Although the book begins in 1918, it is set primarily during the 1920s and ‘30s in New York City.  Phelan uses loose watercolor illustrations, primarily grayscale hues, to tell his modernized version of the fairy tale Snow White.  As with Phelan’s other stories, the art is beautiful, and I enjoy his style and portrayal of characters and facial expression.  This graphic novel’s creative combination of Phelan’s art, early 20th century America, the big city, and the timeworn fairy tale of Snow White produce an interesting result.

Snow White is a familiar tale to most people, and Phelan seems to rely on this familiarity, for his story contains few words and no narration besides chapter titles.  To someone unfamiliar with the classic tale of an evil stepmother trying to kill her beautiful stepdaughter and the seven dwarves who help the daughter, Phelan’s story may be quite confusing.  Even though I have read and watched several versions of Snow White, parts of Phelan’s book were unclear, such as Phelan’s version of the magic mirror that the stepmother consults.  The parts that I did not understand were minor, however, and the story still made sense as a whole.
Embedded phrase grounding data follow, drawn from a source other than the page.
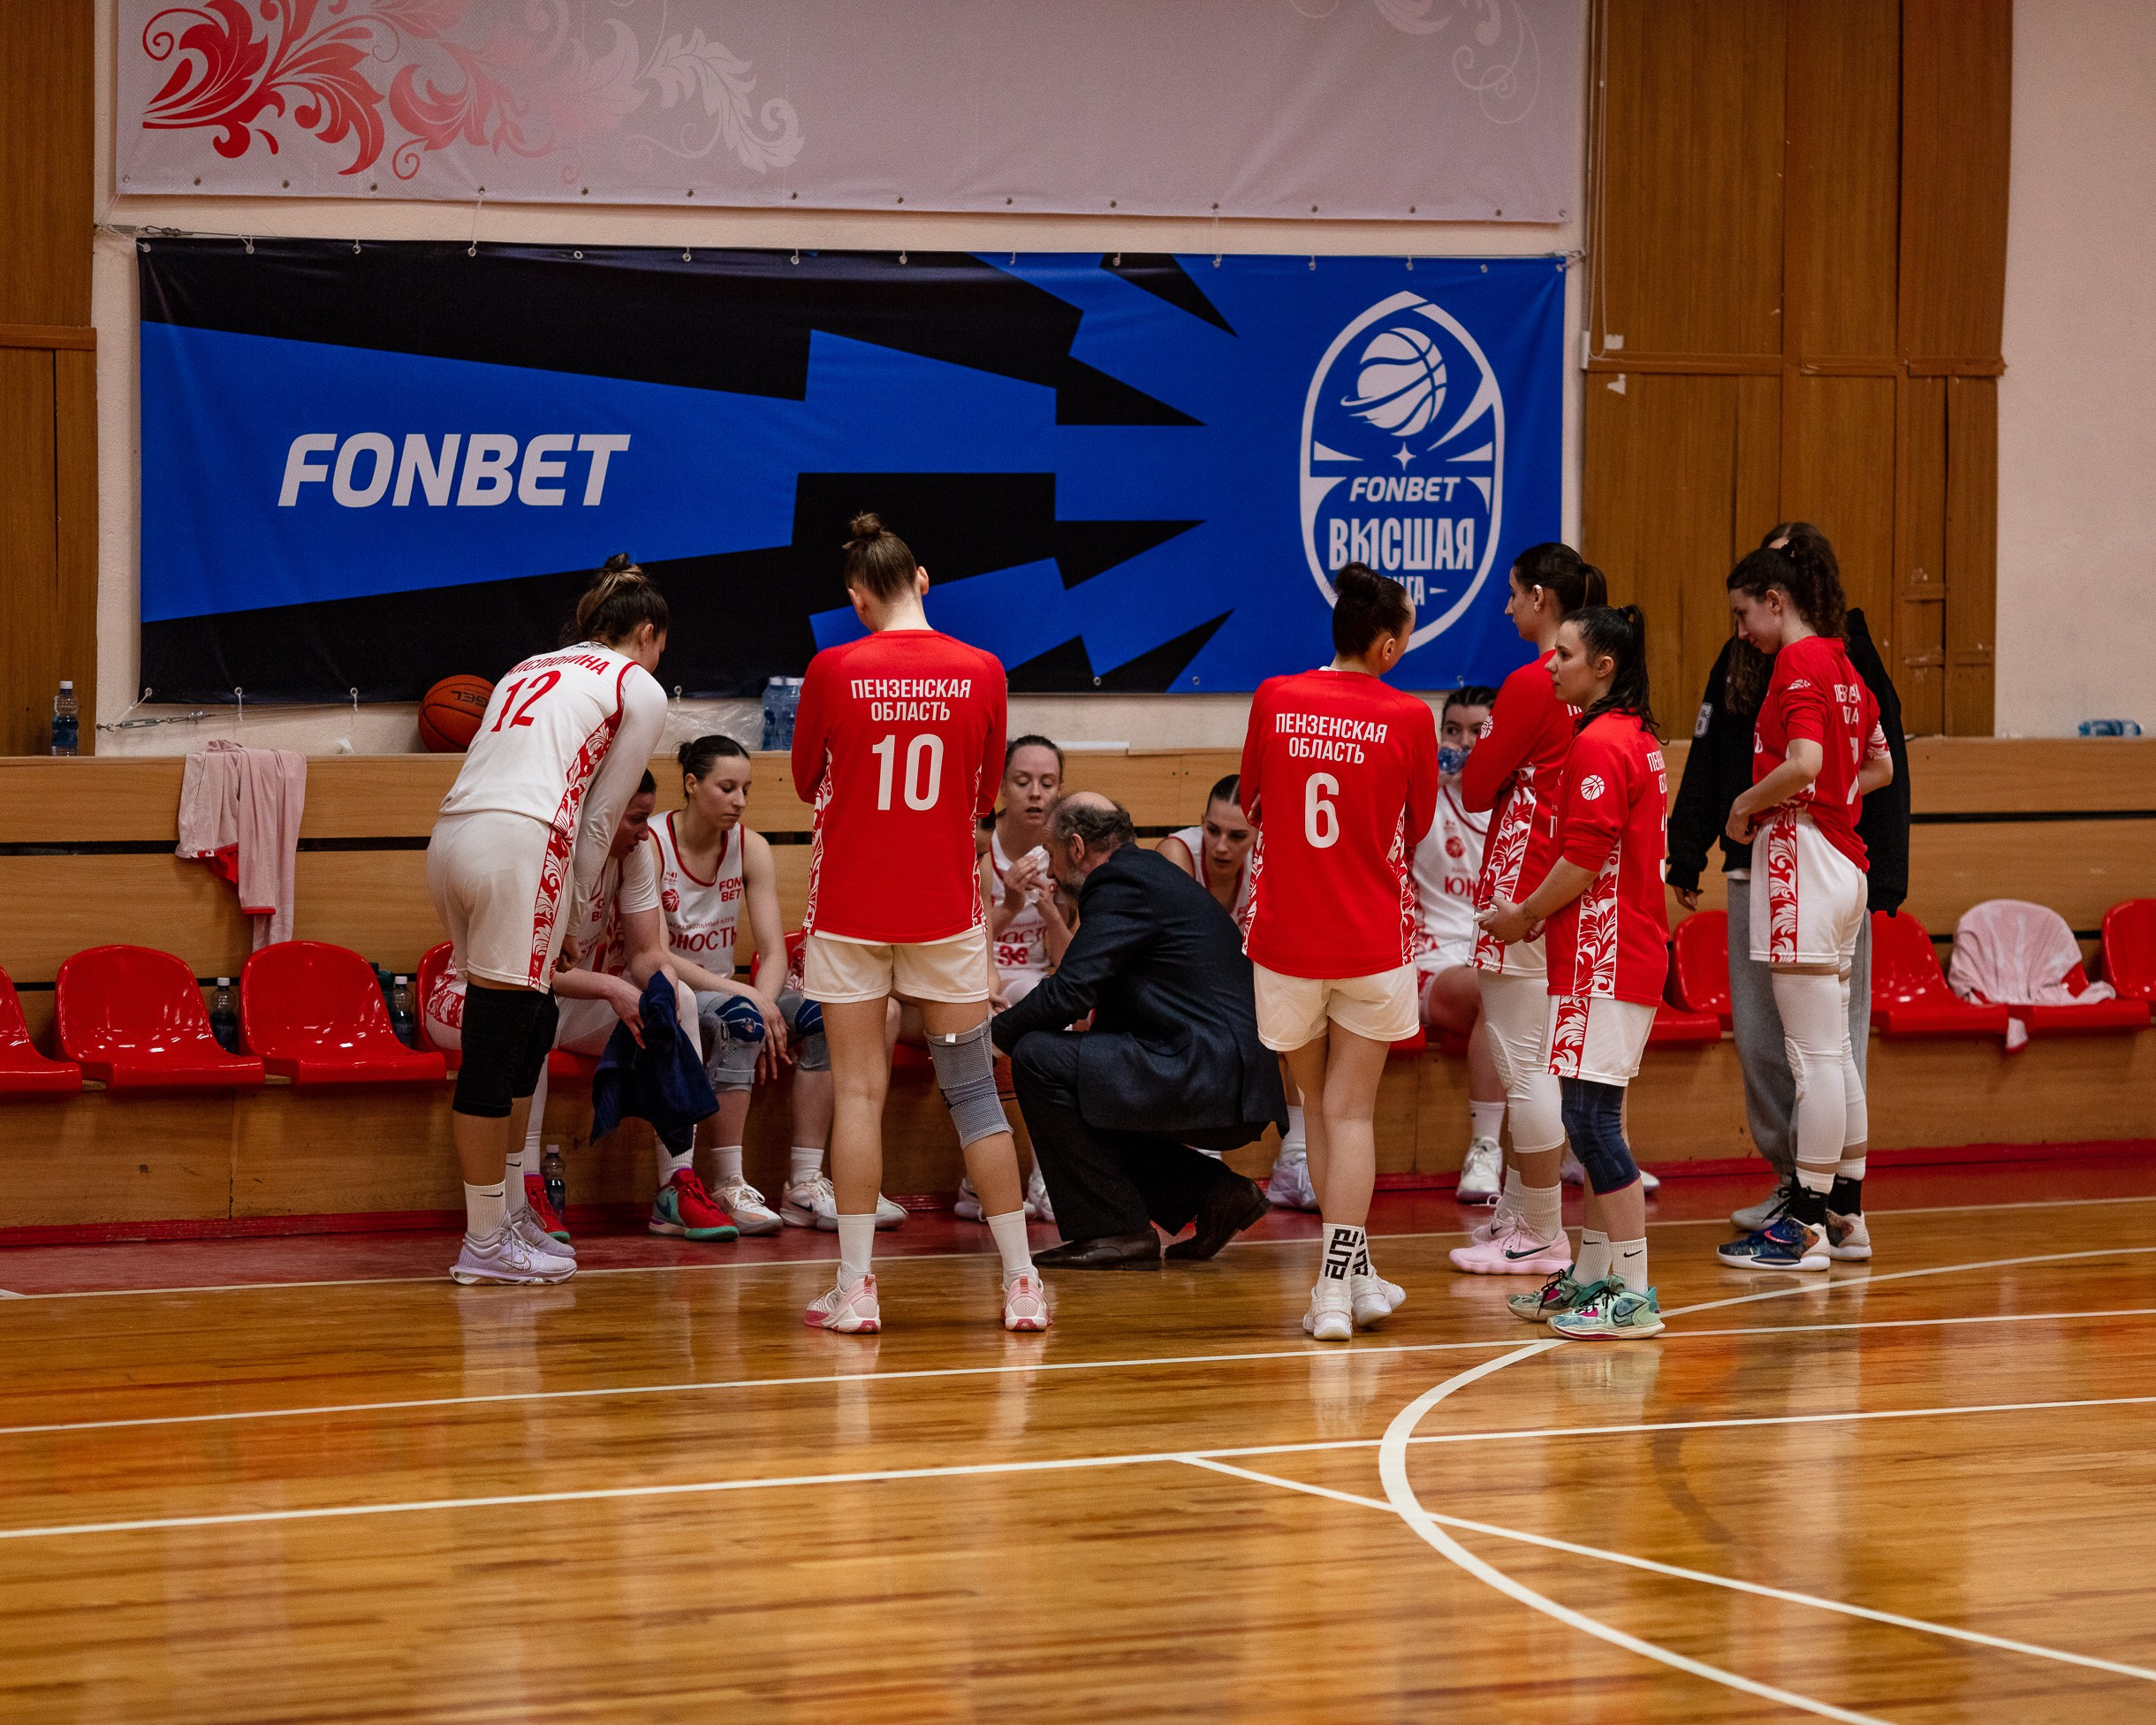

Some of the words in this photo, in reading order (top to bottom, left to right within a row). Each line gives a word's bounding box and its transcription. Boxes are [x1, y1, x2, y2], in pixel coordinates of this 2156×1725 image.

[277, 432, 632, 508] FONBET
[1349, 476, 1461, 502] FONBET
[1329, 518, 1475, 571] ВЫСШАЯ
[1383, 575, 1425, 606] ГА
[490, 670, 561, 733] 12
[850, 679, 972, 699] ПЕНЗЕНСКАЯ
[870, 702, 951, 721] ОБЛАСТЬ
[1275, 713, 1388, 744] ПЕНЗЕНСКАЯ
[1288, 737, 1365, 764] ОБЛАСТЬ
[872, 733, 945, 811] 10
[1304, 771, 1340, 848] 6
[718, 876, 742, 892] FON
[720, 888, 742, 902] BET
[1325, 1228, 1359, 1280] ELITE
snow-white-illustrationIn his retelling of a fairy tale in which color plays a significant role, particularly in the protagonist’s name, Matt Phelan cleverly integrates his color into the illustrations so that it complements the story.  Phelan’s illustrations are predominately shades of white, gray, and sepia.  However, occasional accents of red emphasize important parts or characters in the story, such as Snow White, the apple, and the evil stepmother.  Then, during the denouement, Phelan introduces subtle, colorful pastels to mark how the mood of the story changes.

Snow White: A Graphic Novel is a creative concept, and Matt Phelan’s illustrations are excellent.  Yet, in spite of how artistically impressive the book is, it has little else to offer.  Besides the unique setting, the story does not introduce enough new twists to the original story to be exceptional or exciting.  For those seeking a clever fairy tale retelling that displays something novel, Phelan’s book is not the answer.  Nevertheless, for a jaunt through a familiar story in a new guise along pages full of Phelan’s beautiful and quirky artwork, Snow White will most likely prove enjoyable.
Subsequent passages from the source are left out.